What needs to be done -
Would it be possible to copy exactly the lines from the one containing "this 1920×1280 image." to the end of the entries, including both and nothing else?
+-------+
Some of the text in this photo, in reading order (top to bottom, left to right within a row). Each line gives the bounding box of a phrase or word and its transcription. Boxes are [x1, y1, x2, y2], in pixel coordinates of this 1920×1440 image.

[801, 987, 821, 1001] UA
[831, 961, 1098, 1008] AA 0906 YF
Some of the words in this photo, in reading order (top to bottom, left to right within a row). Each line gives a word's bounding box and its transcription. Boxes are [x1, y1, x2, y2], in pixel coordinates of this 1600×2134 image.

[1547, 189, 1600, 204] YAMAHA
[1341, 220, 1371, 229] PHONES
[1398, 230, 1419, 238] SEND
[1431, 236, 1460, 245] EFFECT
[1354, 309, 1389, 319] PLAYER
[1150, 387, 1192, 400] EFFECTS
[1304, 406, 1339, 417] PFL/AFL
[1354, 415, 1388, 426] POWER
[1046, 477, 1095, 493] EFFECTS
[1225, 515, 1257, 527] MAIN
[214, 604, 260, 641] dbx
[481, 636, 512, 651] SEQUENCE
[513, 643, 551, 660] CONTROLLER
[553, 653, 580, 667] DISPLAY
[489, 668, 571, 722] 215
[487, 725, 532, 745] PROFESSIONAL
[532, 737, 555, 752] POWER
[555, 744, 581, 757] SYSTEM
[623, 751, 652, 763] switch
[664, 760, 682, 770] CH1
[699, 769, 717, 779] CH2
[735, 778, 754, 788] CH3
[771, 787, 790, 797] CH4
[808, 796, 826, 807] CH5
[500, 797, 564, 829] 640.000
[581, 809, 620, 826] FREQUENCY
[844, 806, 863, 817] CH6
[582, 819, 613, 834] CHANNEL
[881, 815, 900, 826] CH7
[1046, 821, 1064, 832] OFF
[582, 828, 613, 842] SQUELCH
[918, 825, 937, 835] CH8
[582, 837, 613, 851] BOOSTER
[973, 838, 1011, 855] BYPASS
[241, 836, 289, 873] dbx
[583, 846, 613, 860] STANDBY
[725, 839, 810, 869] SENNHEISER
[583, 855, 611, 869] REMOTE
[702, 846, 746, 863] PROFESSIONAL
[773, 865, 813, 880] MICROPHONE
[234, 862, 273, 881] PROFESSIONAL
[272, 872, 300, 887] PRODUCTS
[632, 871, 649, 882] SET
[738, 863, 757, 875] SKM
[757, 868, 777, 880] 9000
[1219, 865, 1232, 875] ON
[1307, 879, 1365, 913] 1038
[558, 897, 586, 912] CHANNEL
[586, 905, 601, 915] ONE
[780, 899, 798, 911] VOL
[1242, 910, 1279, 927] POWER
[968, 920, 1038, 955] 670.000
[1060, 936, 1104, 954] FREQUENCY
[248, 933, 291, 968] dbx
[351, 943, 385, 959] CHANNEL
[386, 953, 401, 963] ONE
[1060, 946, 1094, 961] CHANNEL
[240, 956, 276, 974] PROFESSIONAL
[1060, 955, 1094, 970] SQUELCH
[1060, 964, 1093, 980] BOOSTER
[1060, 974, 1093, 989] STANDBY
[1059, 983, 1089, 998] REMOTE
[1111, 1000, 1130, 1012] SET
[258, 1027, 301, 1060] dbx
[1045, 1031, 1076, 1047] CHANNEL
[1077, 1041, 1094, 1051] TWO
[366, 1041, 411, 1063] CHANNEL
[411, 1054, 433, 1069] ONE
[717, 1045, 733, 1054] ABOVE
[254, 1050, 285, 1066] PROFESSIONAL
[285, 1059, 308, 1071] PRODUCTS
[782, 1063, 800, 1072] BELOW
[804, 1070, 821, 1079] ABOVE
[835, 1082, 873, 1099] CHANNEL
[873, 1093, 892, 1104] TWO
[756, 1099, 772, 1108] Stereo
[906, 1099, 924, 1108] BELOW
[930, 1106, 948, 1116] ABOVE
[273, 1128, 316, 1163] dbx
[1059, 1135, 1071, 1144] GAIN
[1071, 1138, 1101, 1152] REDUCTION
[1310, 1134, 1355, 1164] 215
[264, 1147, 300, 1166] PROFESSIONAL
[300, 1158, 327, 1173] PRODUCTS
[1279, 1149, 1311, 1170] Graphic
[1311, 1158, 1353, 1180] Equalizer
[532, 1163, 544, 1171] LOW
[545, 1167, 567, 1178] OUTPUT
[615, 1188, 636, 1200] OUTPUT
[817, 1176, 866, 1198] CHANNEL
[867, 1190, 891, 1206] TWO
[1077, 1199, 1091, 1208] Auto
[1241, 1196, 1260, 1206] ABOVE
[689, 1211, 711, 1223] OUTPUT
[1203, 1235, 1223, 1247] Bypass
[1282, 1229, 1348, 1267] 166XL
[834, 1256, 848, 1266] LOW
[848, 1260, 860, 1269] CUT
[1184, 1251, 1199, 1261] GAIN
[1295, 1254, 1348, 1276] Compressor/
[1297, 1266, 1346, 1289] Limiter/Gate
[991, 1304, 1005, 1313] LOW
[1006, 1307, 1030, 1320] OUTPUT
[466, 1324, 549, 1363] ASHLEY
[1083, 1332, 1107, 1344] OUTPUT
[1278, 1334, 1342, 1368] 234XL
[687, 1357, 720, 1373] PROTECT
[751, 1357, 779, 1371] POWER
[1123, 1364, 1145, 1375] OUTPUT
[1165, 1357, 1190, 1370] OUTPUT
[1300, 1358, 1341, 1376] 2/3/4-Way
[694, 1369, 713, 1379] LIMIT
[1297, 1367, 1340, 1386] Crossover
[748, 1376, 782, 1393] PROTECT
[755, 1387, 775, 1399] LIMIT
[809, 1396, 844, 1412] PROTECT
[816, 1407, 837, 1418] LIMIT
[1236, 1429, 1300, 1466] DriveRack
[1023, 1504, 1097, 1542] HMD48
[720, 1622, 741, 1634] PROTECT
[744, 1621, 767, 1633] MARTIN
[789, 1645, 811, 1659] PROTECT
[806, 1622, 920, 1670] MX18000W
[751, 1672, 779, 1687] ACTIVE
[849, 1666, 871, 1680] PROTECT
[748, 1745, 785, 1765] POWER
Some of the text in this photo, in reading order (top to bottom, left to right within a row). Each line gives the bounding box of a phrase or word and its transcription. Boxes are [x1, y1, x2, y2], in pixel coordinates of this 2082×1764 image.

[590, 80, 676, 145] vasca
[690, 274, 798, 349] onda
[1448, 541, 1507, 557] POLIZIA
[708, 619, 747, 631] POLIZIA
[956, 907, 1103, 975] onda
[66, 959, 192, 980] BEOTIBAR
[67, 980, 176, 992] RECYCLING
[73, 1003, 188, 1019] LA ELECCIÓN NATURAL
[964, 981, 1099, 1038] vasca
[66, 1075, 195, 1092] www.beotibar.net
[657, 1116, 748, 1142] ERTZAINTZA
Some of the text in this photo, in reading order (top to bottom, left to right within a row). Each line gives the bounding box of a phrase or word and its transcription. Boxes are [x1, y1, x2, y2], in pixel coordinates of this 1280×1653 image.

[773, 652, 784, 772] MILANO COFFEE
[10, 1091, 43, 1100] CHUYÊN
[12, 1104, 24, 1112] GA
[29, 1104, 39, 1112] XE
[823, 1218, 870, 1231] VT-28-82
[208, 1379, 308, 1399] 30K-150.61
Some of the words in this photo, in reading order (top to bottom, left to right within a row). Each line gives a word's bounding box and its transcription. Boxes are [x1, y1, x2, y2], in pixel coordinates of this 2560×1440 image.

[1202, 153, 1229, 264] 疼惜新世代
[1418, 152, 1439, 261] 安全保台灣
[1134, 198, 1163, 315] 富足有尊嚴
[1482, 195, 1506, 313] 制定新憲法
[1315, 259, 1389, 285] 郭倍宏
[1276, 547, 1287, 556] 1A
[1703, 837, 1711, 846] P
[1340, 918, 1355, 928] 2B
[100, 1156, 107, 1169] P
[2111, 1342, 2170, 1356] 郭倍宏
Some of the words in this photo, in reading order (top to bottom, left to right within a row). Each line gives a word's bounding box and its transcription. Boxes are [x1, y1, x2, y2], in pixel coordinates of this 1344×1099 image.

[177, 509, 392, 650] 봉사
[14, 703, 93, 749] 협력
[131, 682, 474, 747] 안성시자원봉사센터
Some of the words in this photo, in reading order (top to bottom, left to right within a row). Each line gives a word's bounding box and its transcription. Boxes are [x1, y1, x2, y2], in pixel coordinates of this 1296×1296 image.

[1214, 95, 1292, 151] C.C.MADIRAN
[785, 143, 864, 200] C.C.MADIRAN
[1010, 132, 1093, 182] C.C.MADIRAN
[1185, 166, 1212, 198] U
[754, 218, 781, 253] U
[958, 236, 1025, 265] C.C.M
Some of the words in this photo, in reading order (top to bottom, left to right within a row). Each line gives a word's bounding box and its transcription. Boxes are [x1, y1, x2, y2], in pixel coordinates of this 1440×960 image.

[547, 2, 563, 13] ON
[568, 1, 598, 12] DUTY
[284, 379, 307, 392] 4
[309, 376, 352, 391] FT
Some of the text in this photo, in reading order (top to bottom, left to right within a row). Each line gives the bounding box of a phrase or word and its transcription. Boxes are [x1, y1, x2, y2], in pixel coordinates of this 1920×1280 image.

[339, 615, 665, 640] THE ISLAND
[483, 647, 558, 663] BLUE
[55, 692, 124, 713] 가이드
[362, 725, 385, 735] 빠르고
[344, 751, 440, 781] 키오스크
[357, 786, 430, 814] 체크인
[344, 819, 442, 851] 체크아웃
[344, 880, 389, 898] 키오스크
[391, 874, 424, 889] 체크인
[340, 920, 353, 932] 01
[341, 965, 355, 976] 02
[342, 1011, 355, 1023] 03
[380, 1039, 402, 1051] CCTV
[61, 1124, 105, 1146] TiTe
+-------+
Task answer -
Some of the text in this photo, in reading order (top to bottom, left to right within a row). Each line gives the bounding box of a phrase or word and its transcription. Boxes are [x1, y1, x2, y2], in pixel coordinates of this 1920×1280 image.

[339, 615, 665, 640] THE ISLAND
[483, 647, 558, 663] BLUE
[55, 692, 124, 713] 가이드
[362, 725, 385, 735] 빠르고
[344, 751, 440, 781] 키오스크
[357, 786, 430, 814] 체크인
[344, 819, 442, 851] 체크아웃
[344, 880, 389, 898] 키오스크
[391, 874, 424, 889] 체크인
[340, 920, 353, 932] 01
[341, 965, 355, 976] 02
[342, 1011, 355, 1023] 03
[380, 1039, 402, 1051] CCTV
[61, 1124, 105, 1146] TiTe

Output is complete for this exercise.